**EXERCISE INSTRUCTIONS**
Please repeat every record below exactly as written, but leave out the pictures.

-------- DATA SECTION --------

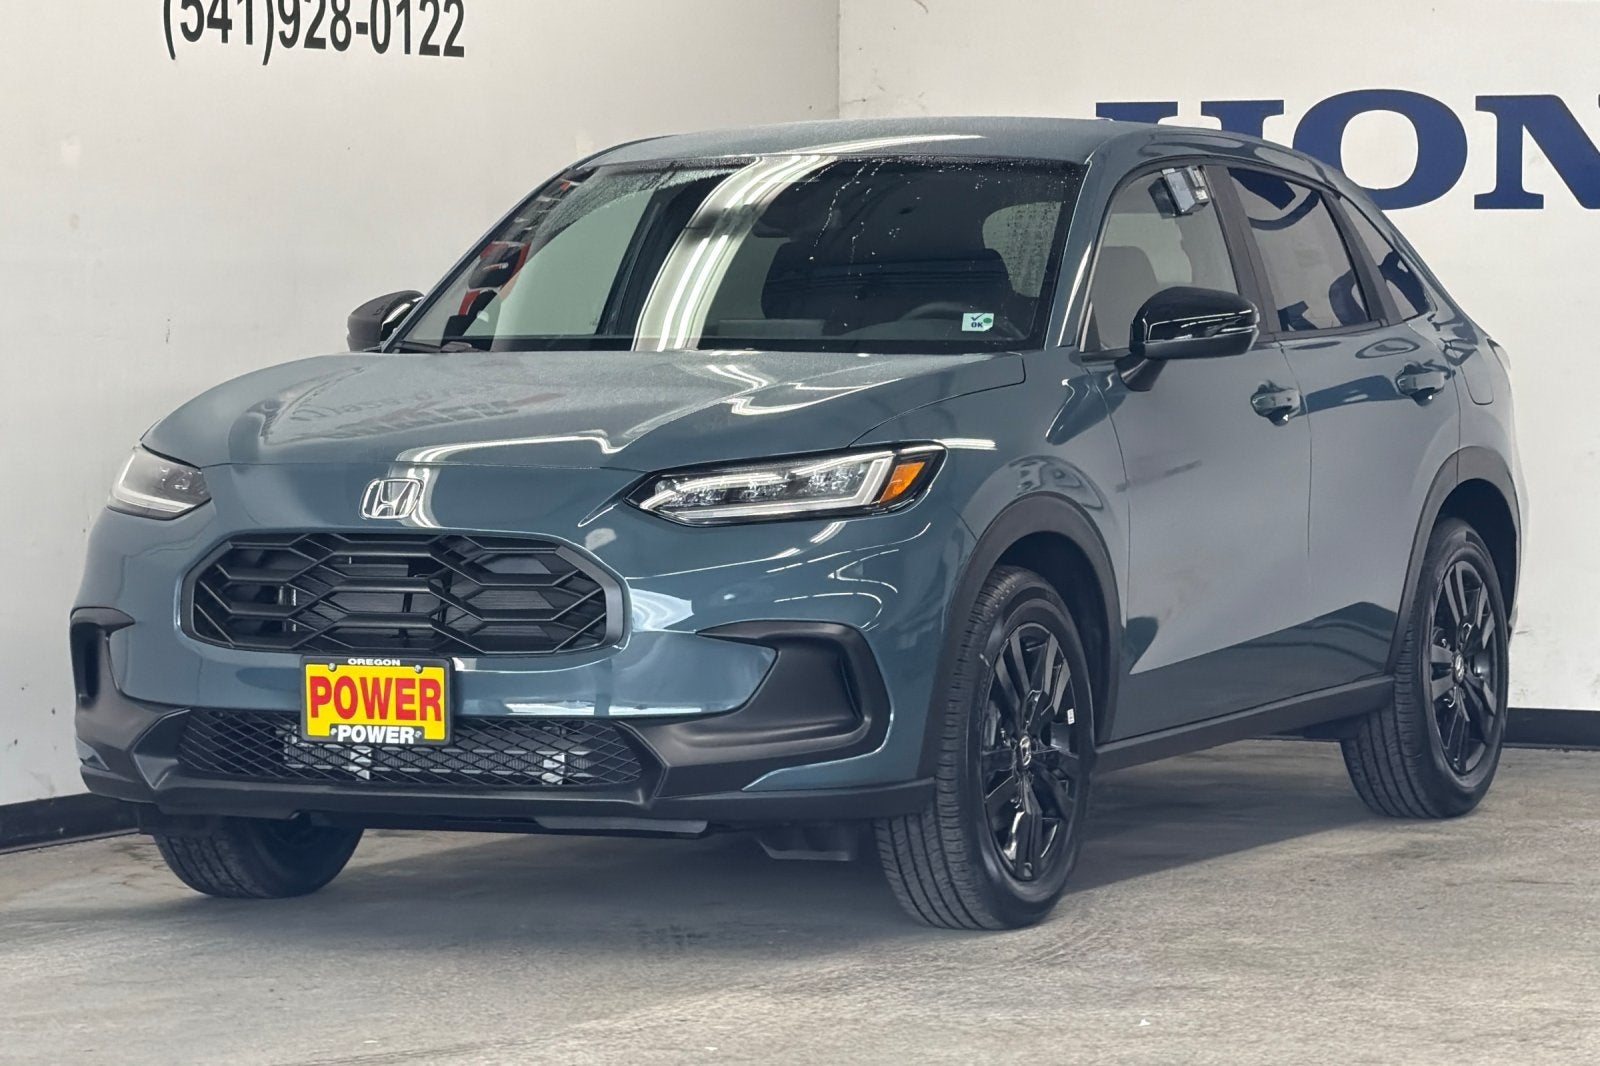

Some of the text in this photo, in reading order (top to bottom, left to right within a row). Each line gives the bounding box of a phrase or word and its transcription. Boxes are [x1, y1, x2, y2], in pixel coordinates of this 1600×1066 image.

[163, 0, 465, 65] (541)928-0122
[1095, 88, 1600, 211] ON
[347, 658, 401, 666] OREGON
[310, 675, 442, 721] POWER
[337, 725, 415, 744] POWER
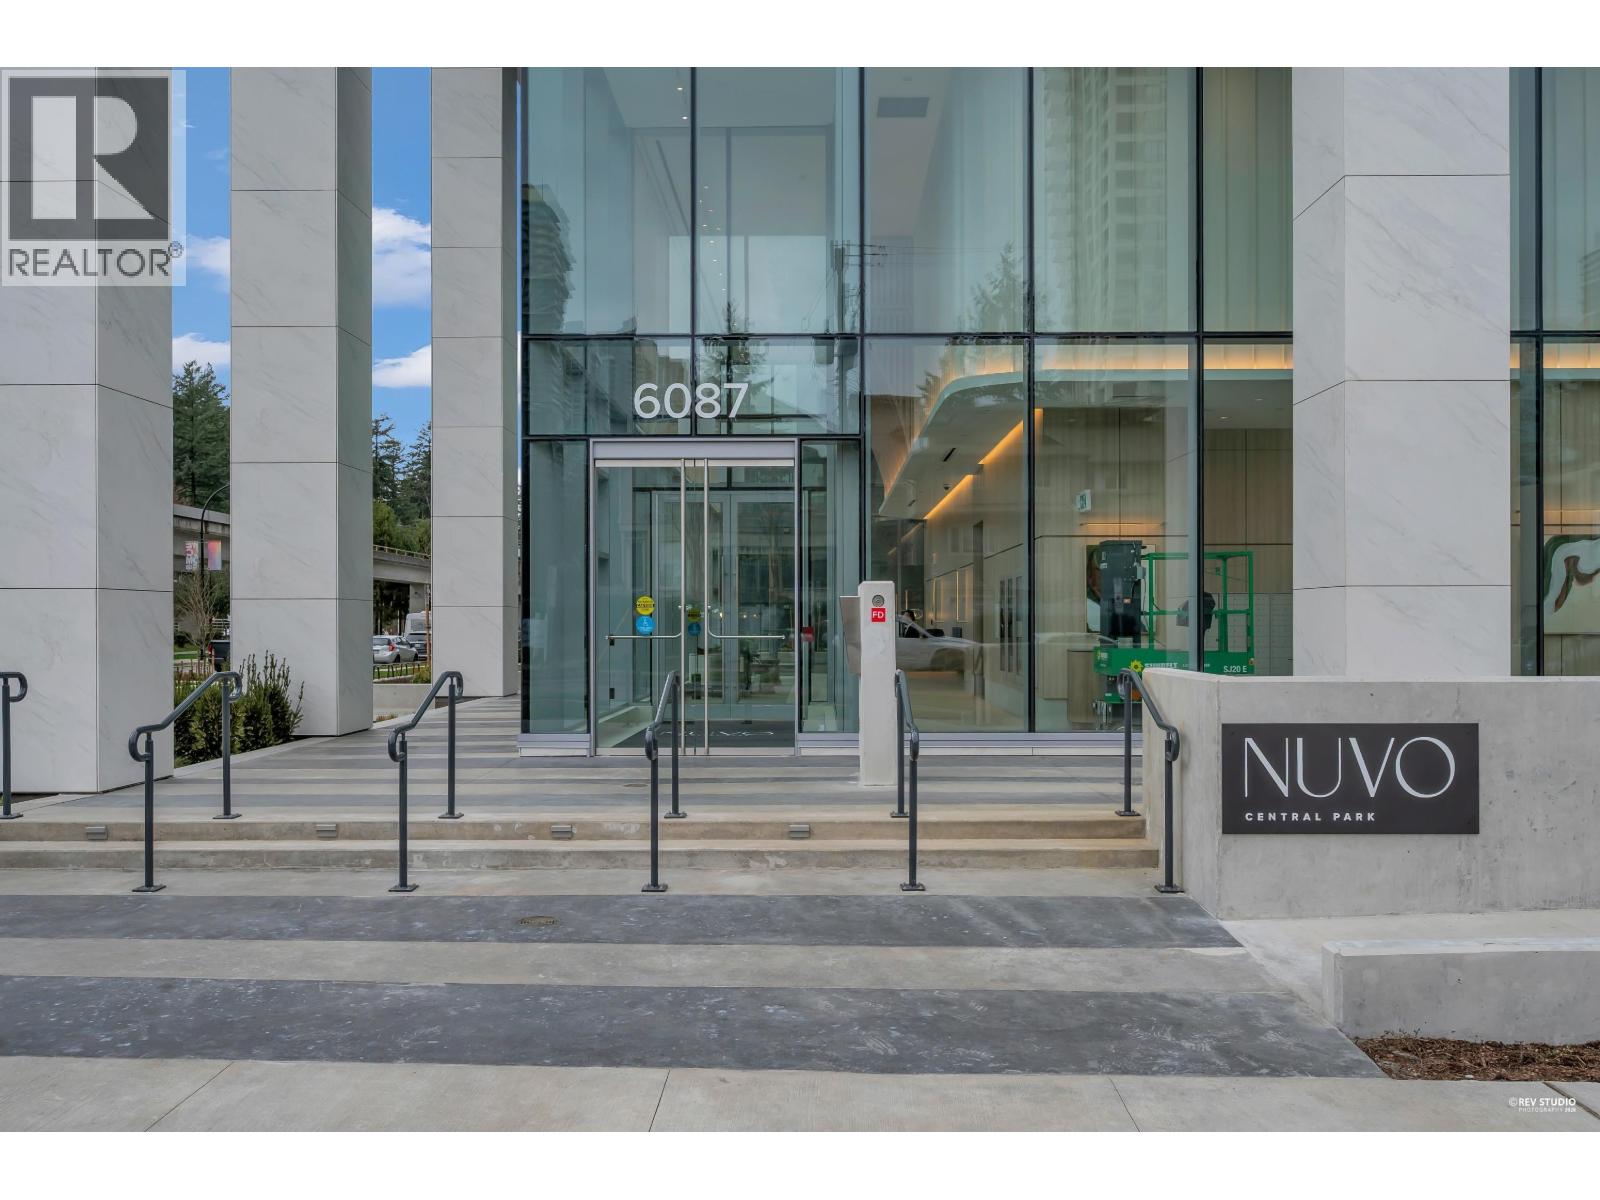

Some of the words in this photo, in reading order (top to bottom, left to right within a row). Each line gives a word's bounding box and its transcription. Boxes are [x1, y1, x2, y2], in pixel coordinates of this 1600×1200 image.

[634, 382, 749, 419] 6087
[872, 611, 885, 619] FD
[1223, 665, 1241, 673] SJ20
[1242, 665, 1248, 673] E
[1244, 736, 1456, 798] NUVO
[1245, 812, 1322, 822] CENTRAL
[1333, 812, 1376, 822] PARK
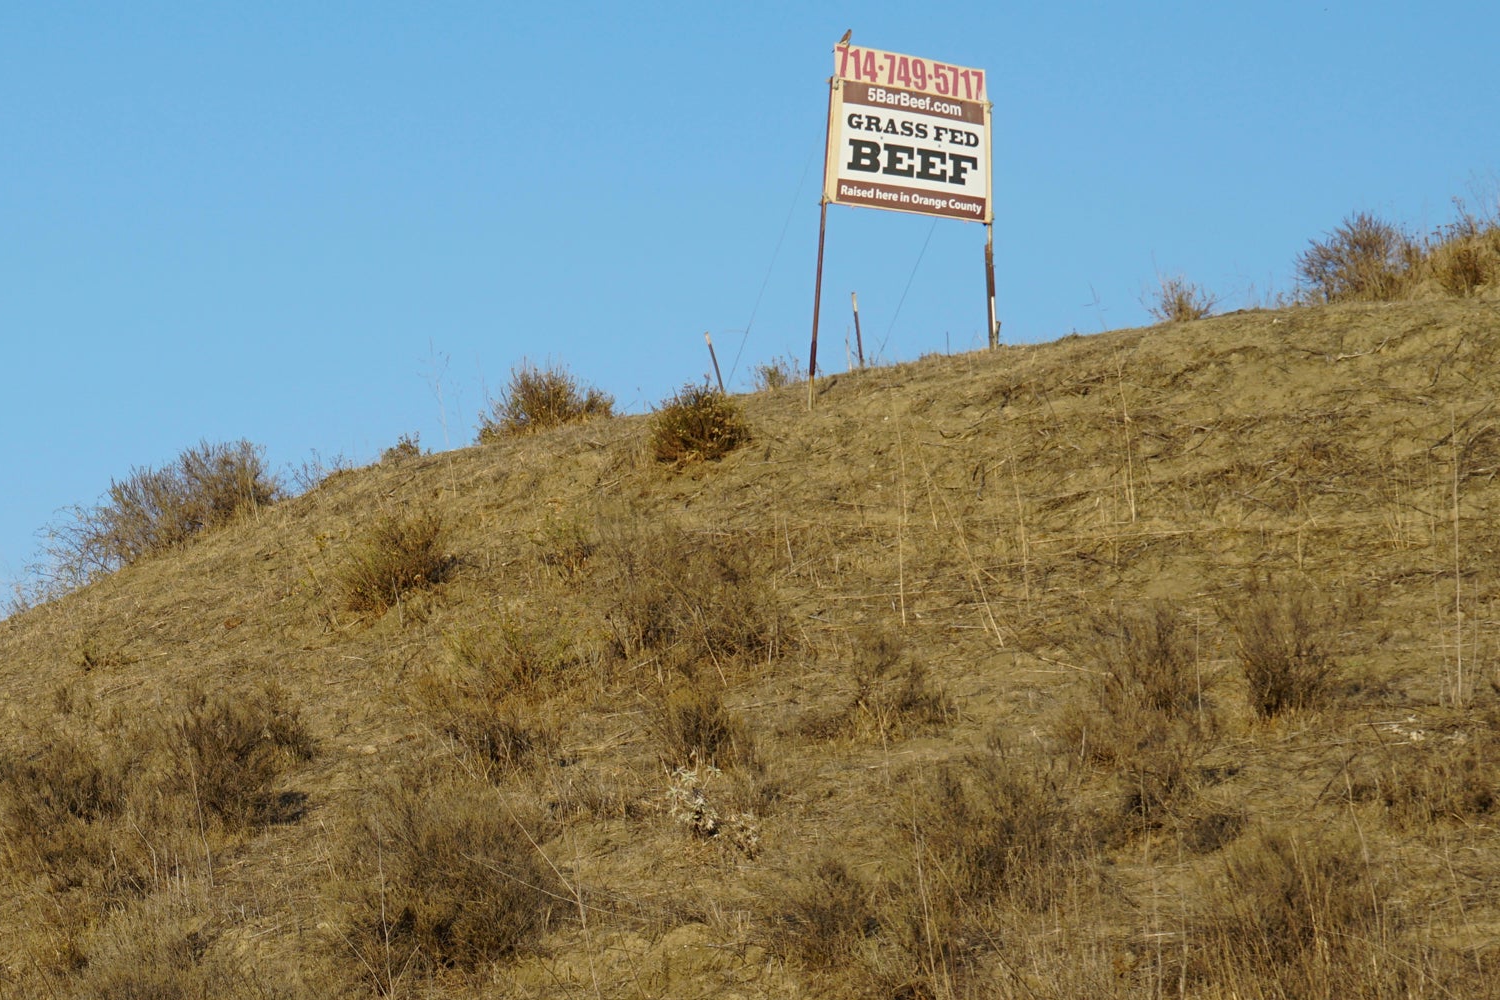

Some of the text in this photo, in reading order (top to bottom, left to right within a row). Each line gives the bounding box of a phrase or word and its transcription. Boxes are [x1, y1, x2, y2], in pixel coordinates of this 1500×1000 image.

[867, 87, 962, 116] 5BarBeef.com
[847, 113, 979, 148] GRASS FED
[847, 138, 978, 186] BEEF
[840, 184, 982, 214] Raised here in Orange County

--------

**EXERCISE SOLUTION**
Some of the text in this photo, in reading order (top to bottom, left to right within a row). Each line gives the bounding box of a phrase or word and its transcription. Boxes are [x1, y1, x2, y2], in pixel coordinates of this 1600×1066 image.

[163, 0, 465, 65] (541)928-0122
[1095, 88, 1600, 211] ON
[347, 658, 401, 666] OREGON
[310, 675, 442, 721] POWER
[337, 725, 415, 744] POWER

Some of the words in this photo, in reading order (top to bottom, left to right within a row). Each line gives a word's bounding box and its transcription. Boxes are [x1, y1, x2, y2], in pixel coordinates of this 1600×1200 image.

[634, 382, 749, 419] 6087
[872, 611, 885, 619] FD
[1223, 665, 1241, 673] SJ20
[1242, 665, 1248, 673] E
[1244, 736, 1456, 798] NUVO
[1245, 812, 1322, 822] CENTRAL
[1333, 812, 1376, 822] PARK

Some of the text in this photo, in reading order (top to bottom, left to right within a row). Each line gives the bounding box of a phrase or word and its transcription. Boxes are [x1, y1, x2, y2], in pixel coordinates of this 1500×1000 image.

[867, 87, 962, 116] 5BarBeef.com
[847, 113, 979, 148] GRASS FED
[847, 138, 978, 186] BEEF
[840, 184, 982, 214] Raised here in Orange County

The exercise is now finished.